Environment API

The MethanolAPCEnvironment class is the core of the simulation. It implements OpenEnv's Environment interface, managing the reactor simulation, task selection, grading, MCP tools, domain randomization, and multi-agent views.

from methanol_apc_env.server.methanol_environment import MethanolAPCEnvironment
from methanol_apc_env.models import MethanolAPCAction

Lifecycle

Every episode follows this sequence:

reset(task_name, seed)  →  step(action)  →  step(action)  →  ...  →  done=True  →  get_final_score()

`reset(task_name: str, seed: int = None) → MethanolAPCObservation`

Starts a new episode. Resets the reactor to the initial conditions defined by the chosen task.

Parameters:

Parameter	Type	Required	Description
`task_name`	`str`	Yes	One of 12 task names (see Tasks below)
`seed`	`int`	No	Random seed for domain randomization. Same seed = same initial conditions.

What happens on reset:

Task configuration loaded (initial temperature, pressure, catalyst health, disturbances)
ReactorState initialized with task-specific values
Domain randomization applied (if seed given):
- Catalyst health: ±3% Gaussian noise
- Temperature: ±2°C
- Cooling water temp: ±1.5°C
- Pressure: ±1.5 bar
- H₂ feed: ±0.15 mol/s
- CO feed: ±0.08 mol/s
Plant stages initialized (desulfurization, reformer, distillation)
Trajectory cleared
Initial observation returned

env = MethanolAPCEnvironment()
obs = env.reset(task_name="optimization", seed=42)
# obs.temperature ≈ 250°C, obs.catalyst_health ≈ 1.0

`step(action: MethanolAPCAction) → MethanolAPCObservation`

Executes one control step.
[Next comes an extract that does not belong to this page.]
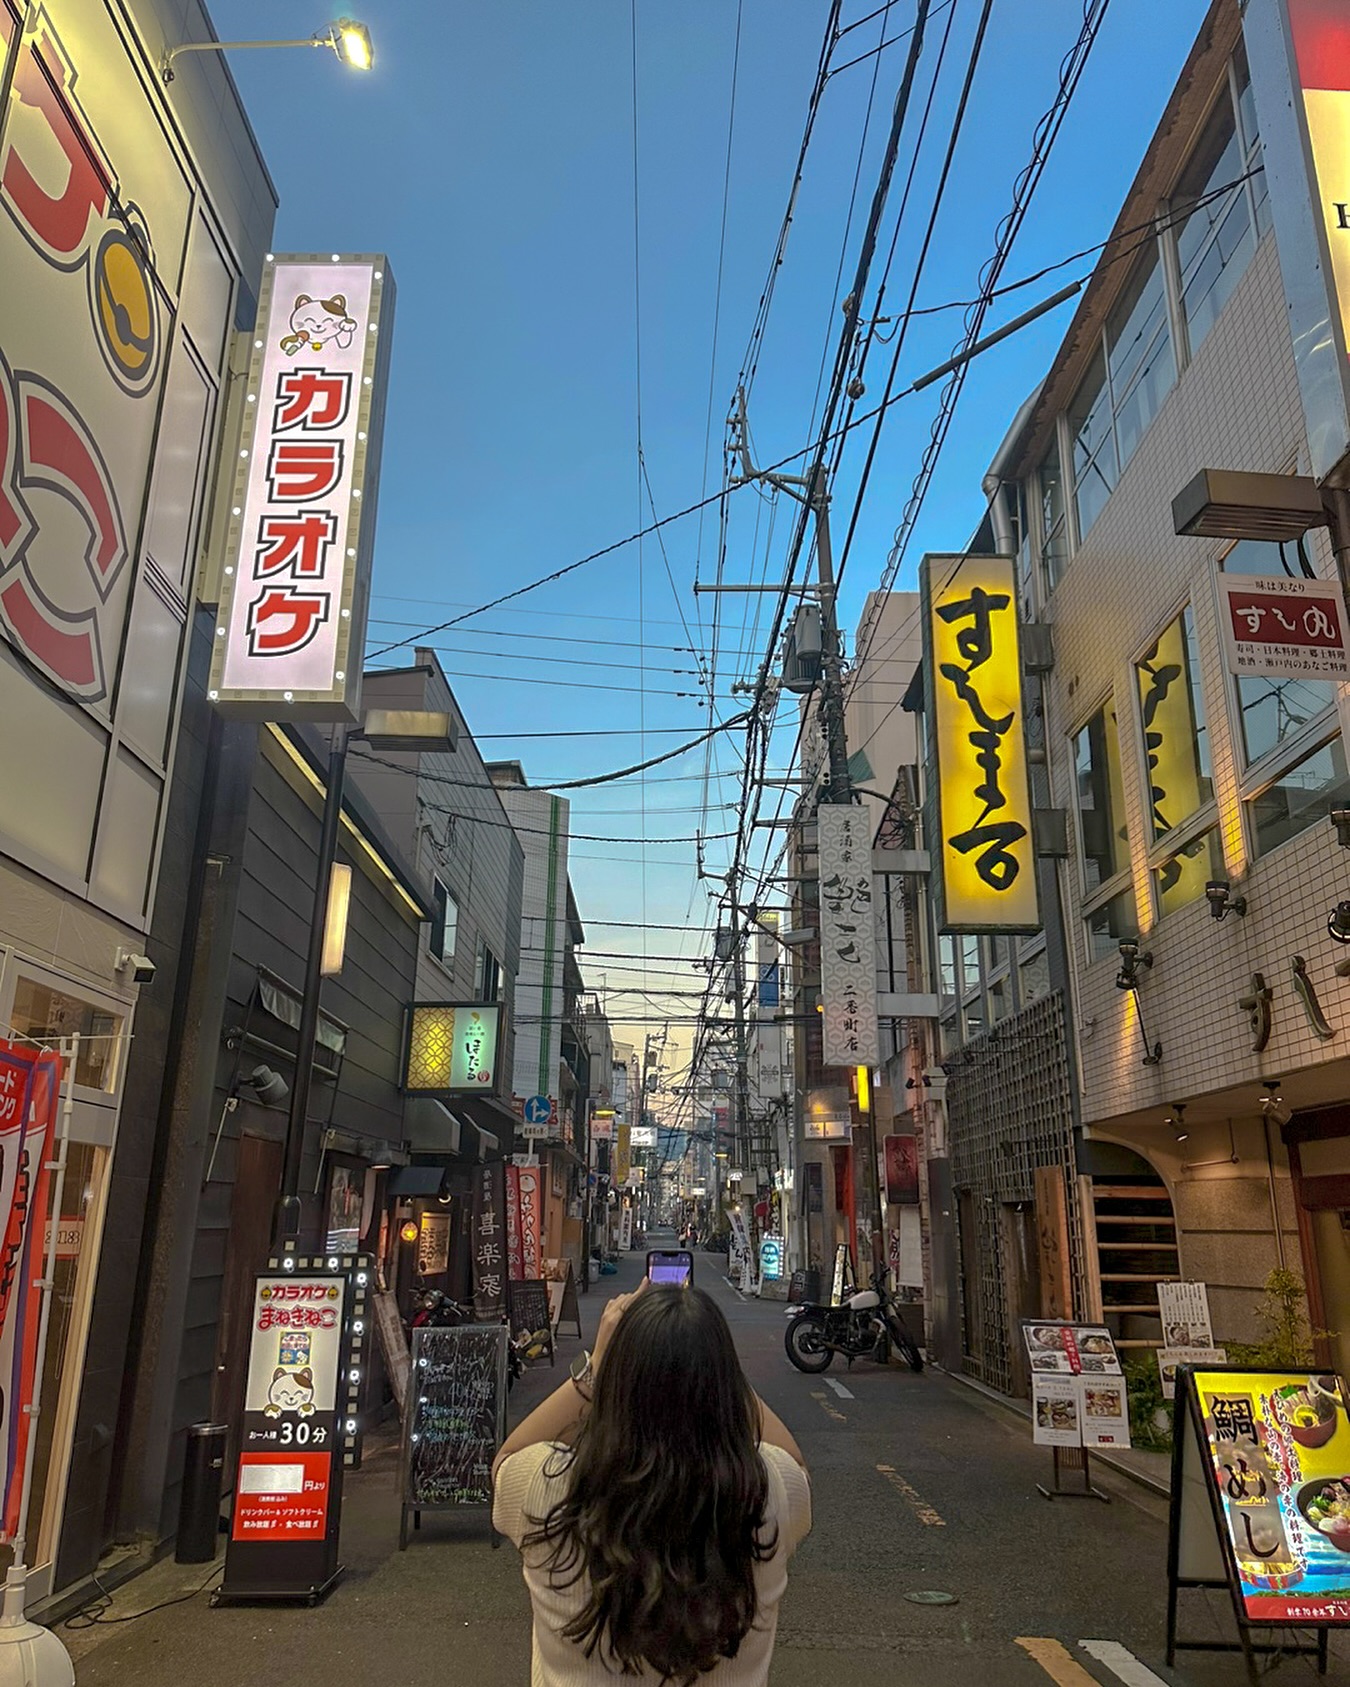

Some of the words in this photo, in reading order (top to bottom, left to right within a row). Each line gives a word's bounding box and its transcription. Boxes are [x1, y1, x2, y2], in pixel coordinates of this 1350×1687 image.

This is where the physics simulation runs.

What happens per step:

Rate limiting: Action values are clamped and rate-limited (can't change feed rate by more than ~20% per step)
Plant stages: Desulfurization → Reformer → feed composition updated
Recycle loop: Fresh feed mixed with recycled gas, inerts accumulated, purge applied
Partial pressures: Species partial pressures calculated at reactor conditions
Fugacity corrections: SRK cubic EOS applies fugacity coefficients to H₂, CO, CO₂, CH₃OH, H₂O
Kinetic model: Selected model (LHHW/Graaf/VBF/Seyfert/Nestler) calculates reaction rates for 3 simultaneous reactions
RK4 integration: 4th-order Runge-Kutta with 4 sub-steps integrates the energy balance ODE
Multi-bed quench: Temperature profile across 4 catalyst beds with cold-shot injection
Catalyst deactivation: 3-zone model updates catalyst health (irreversible above 280°C)
Condensation: 96% crude methanol recovery
Byproducts: DME + methyl formate formation based on selectivity model
Economics: Revenue (methanol × spot price) minus costs (feed + energy + cooling)
Process noise: ±1°C temperature, ±5% rate, ±0.3 bar pressure
Disturbances: Task-specific events (e.g., cooling failure at step 25)
Safety check: Emergency shutdown if T ≥ 300°C
Reward: 6-component dense reward computed and clamped to (0.01, 0.99)
Observation: All sensor readings packaged into MethanolAPCObservation

action = MethanolAPCAction(
    feed_rate_h2=5.0, feed_rate_co=2.5,
    cooling_water_flow=40.0, compressor_power=65.0
)
obs = env.step(action)

`get_final_score() → float`

Returns the trajectory-based score for the completed episode. Must be called after done=True.

Score computation:

The task-specific grader evaluates the full trajectory (list of all ReactorState objects from the episode)
Raw score (0.0–1.0) is passed through a centered sigmoid: $\text{score} = 0.01 + 0.98 \cdot \sigma(10 \cdot (x - 0.5))$
Result is strictly in (0.01, 0.99) — never exactly 0 or 1

# After episode ends
score = env.get_final_score()
# 0.01 = terrible, 0.50 = mediocre, 0.99 = near-perfect

`get_metrics() → dict`

Returns 3 KPI metrics for the episode:

Metric	Type	Description	Formula
`economic_regret`	`float`	Profit left on the table vs theoretical max	$\text{max_possible} - \text{actual_profit}$
`constraint_violations`	`int`	Number of steps where T > 280°C or T < 180°C	Count of unsafe timesteps
`adaptability_score`	`float`	Temperature stability (0–1, higher = more stable)	$\frac{1}{1 + \text{variance}/100}$

metrics = env.get_metrics()
print(f"Regret: ${metrics['economic_regret']:.2f}")
print(f"Violations: {metrics['constraint_violations']}")
print(f"Adaptability: {metrics['adaptability_score']:.3f}")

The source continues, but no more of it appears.